WHAT THE TASK REQUIRES
Below are entries to reproduce exactly, apart from their pictures.

EXTRACTED INFORMATION
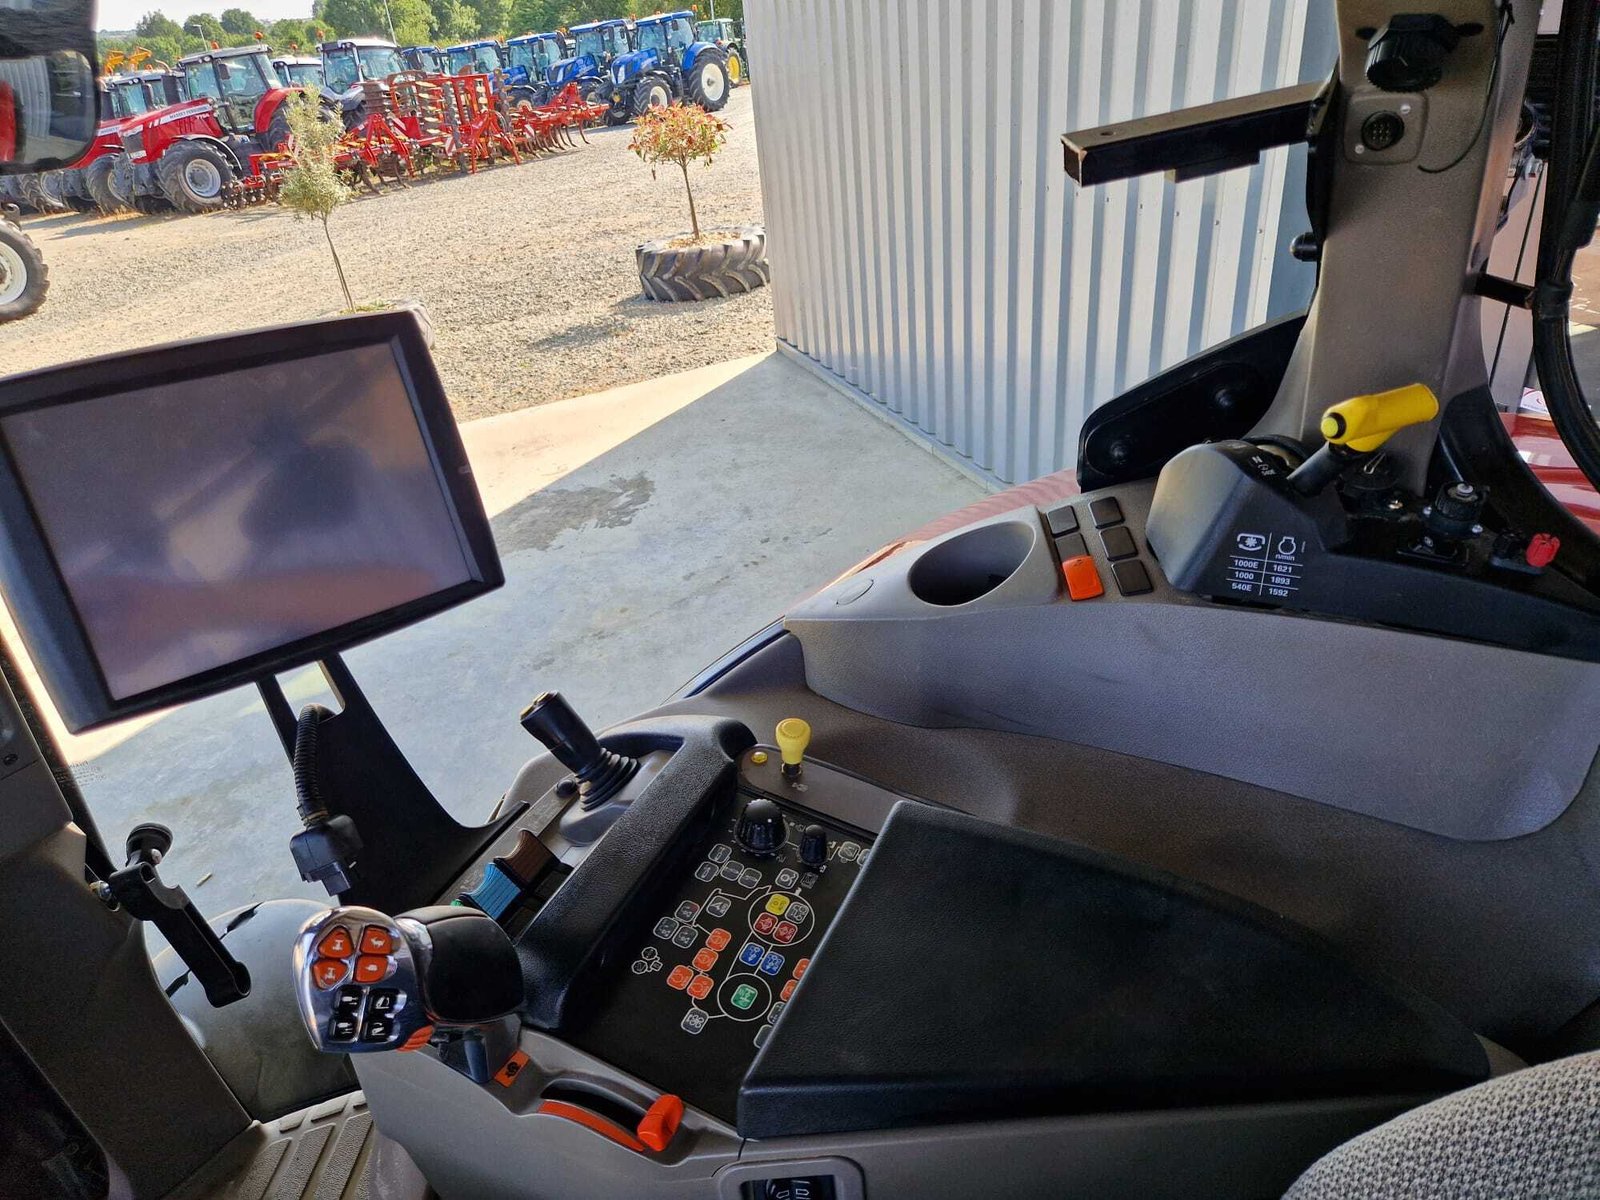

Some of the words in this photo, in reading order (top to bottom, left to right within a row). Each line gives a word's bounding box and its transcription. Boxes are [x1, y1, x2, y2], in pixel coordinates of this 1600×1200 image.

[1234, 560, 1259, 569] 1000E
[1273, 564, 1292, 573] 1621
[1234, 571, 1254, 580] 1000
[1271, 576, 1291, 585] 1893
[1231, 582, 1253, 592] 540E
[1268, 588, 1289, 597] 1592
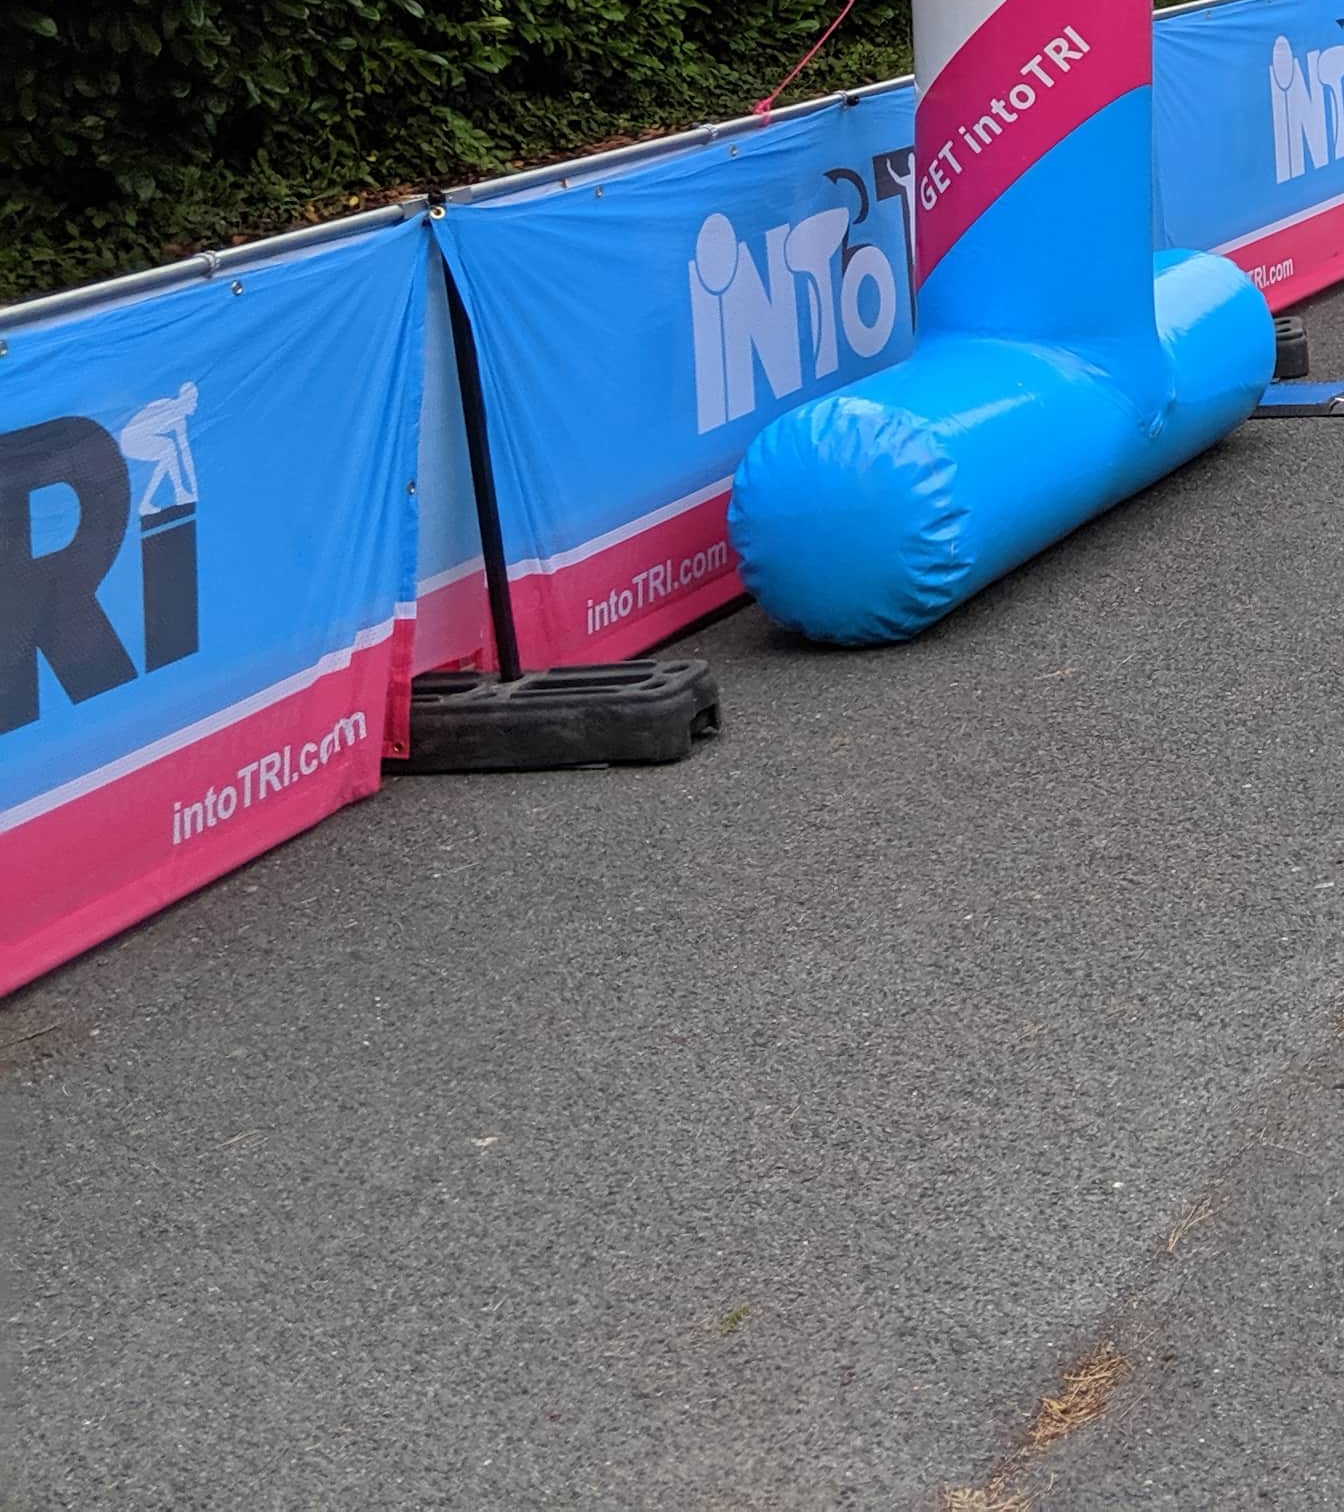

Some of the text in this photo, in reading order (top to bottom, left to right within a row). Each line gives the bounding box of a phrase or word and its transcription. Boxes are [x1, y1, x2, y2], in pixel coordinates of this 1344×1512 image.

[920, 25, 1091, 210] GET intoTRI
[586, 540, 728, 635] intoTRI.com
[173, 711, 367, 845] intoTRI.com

TASK RESPONSE
Some of the words in this photo, in reading order (top to bottom, left to right within a row). Each line gives a word's bounding box and its transcription. Boxes are [x1, y1, x2, y2], in pixel coordinates of this 1600×1200 image.

[1234, 560, 1259, 569] 1000E
[1273, 564, 1292, 573] 1621
[1234, 571, 1254, 580] 1000
[1271, 576, 1291, 585] 1893
[1231, 582, 1253, 592] 540E
[1268, 588, 1289, 597] 1592

Some of the text in this photo, in reading order (top to bottom, left to right within a row). Each line gives the bounding box of a phrase or word and its transcription. Boxes are [x1, y1, x2, y2], in pixel coordinates of this 1344×1512 image.

[920, 25, 1091, 210] GET intoTRI
[586, 540, 728, 635] intoTRI.com
[173, 711, 367, 845] intoTRI.com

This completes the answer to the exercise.